West Virginia ruling has consequences for pharmacists

In May, the West Virginia Supreme Court of Appeals ruled that people with drug addictions can sue pharmacists, physicians, and other dispensers and prescribers of pain medications for contributing to their addiction and criminal activity.

I know a lot of very frustrated pharmacists who want to do the right thing, but feel like they are getting hammered from all sides! Regulators demand perfection or pharmacists risk severe penalties. While we have some good tools, these tools aren’t perfect. And, even before this ruling, just catching an abuser in the act is a little like a dog chasing a car. Once caught, it’s difficult to know what to do next.

The idea that pharmacists could be legally accountable for enabling drug abusers is both a red flag and an opportunity. Rightly or wrongly, the ruling places blame on pharmacists and health care prescribers. In addition, the decision might create an incentive for those who abuse drugs to pursue legal action, which could have a range of effects from increasing the cost of care to putting a community pharmacist out of business.

Conversely, the court ruling highlights the need for pharmacists to have access to electronic health records. This is an opportunity to promote much-needed collaboration among community pharmacists, hospital pharmacists, physicians, and other health care professionals. And I would add to the list state medical and pharmacy boards.

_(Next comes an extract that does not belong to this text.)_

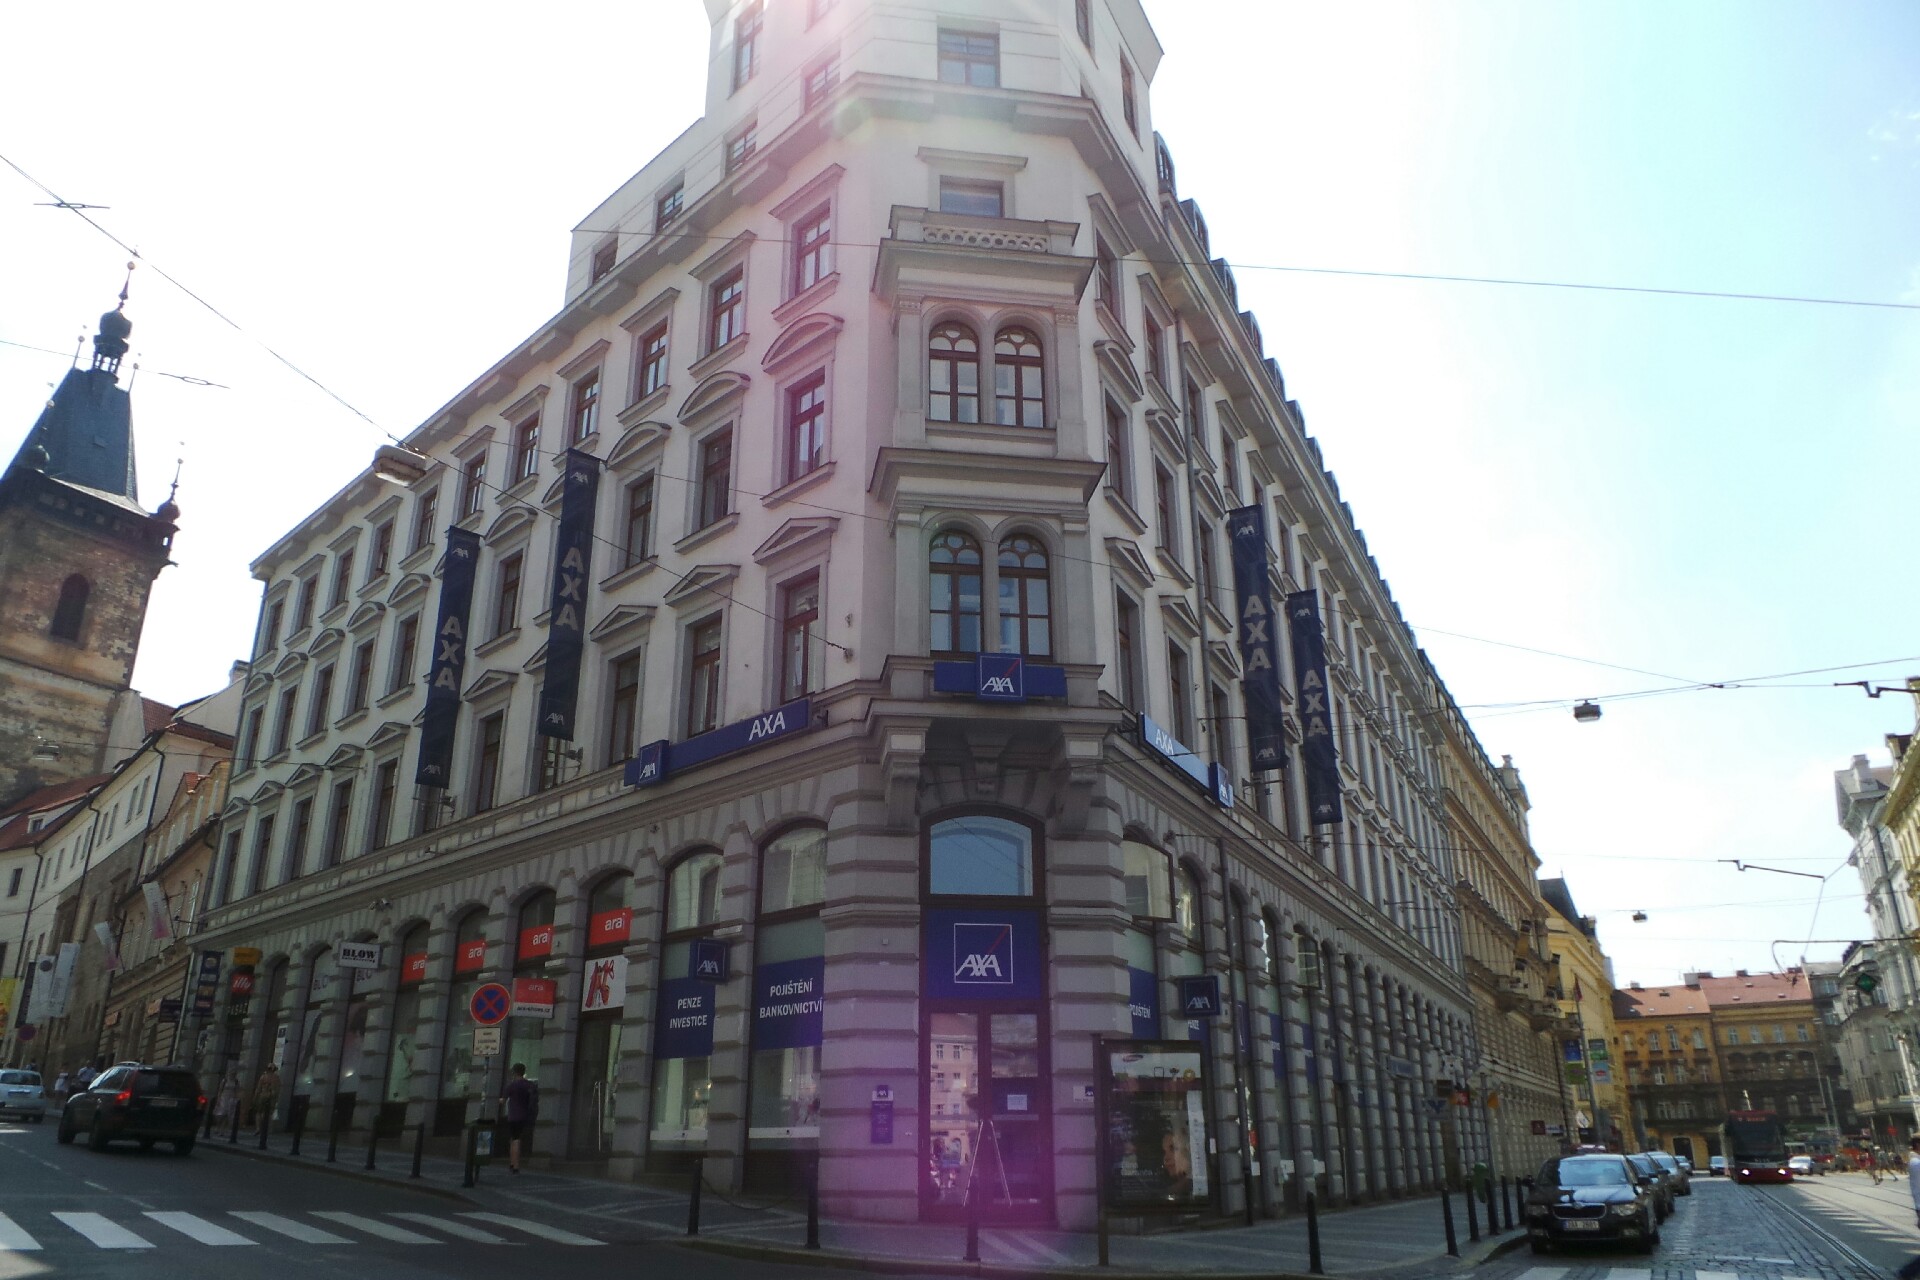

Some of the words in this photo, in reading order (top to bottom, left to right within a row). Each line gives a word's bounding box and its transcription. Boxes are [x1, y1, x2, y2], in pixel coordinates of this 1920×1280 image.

Last week, the National Association of Boards of Pharmacy convened the Controlled Substances Stakeholders in Chicago. Comprising pharmacy and medical associations/organizations, wholesalers, and pharmaceutical companies, this stakeholder group is focused on finding mechanisms for better coordination and collaboration among pharmacists and physicians to combat prescription drug abuse and on identifying tools and resources to foster better collaboration.  A significant portion of the meeting was spent discussing tools and resources that could assist physicians and pharmacists to address potential abuse problems. 

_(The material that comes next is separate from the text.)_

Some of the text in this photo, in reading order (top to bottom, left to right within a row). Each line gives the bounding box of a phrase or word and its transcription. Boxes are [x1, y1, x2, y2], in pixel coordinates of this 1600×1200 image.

Patient care improves when pharmacists are on the health care team. Pharmacists are “tuned in” to a patient’s medication needs, but access to a patient’s provider by phone (very time consuming), e-mail, or best of all via the patient’s electronic health record can confirm or eliminate doubts. Prescribers and pharmacists must work together as partners to optimize care.

Pharmacists have the responsibility to question, monitor, and counsel patients and members of the care team regarding controlled substance use. Is there a relationship with the prescriber and the patient? Is there a valid medical condition and does the use of this particular medication make sense? Without better access to patient information, I am concerned that this court ruling will make it more difficult for legitimate patients to be properly treated.

The challenge of managing patients who take opioids isn’t new. In 2015, Mark T. Holdsworth and colleagues published a study in JAPhA that proposed a formalized risk-based community pharmacy practice strategy for agents such as opioids.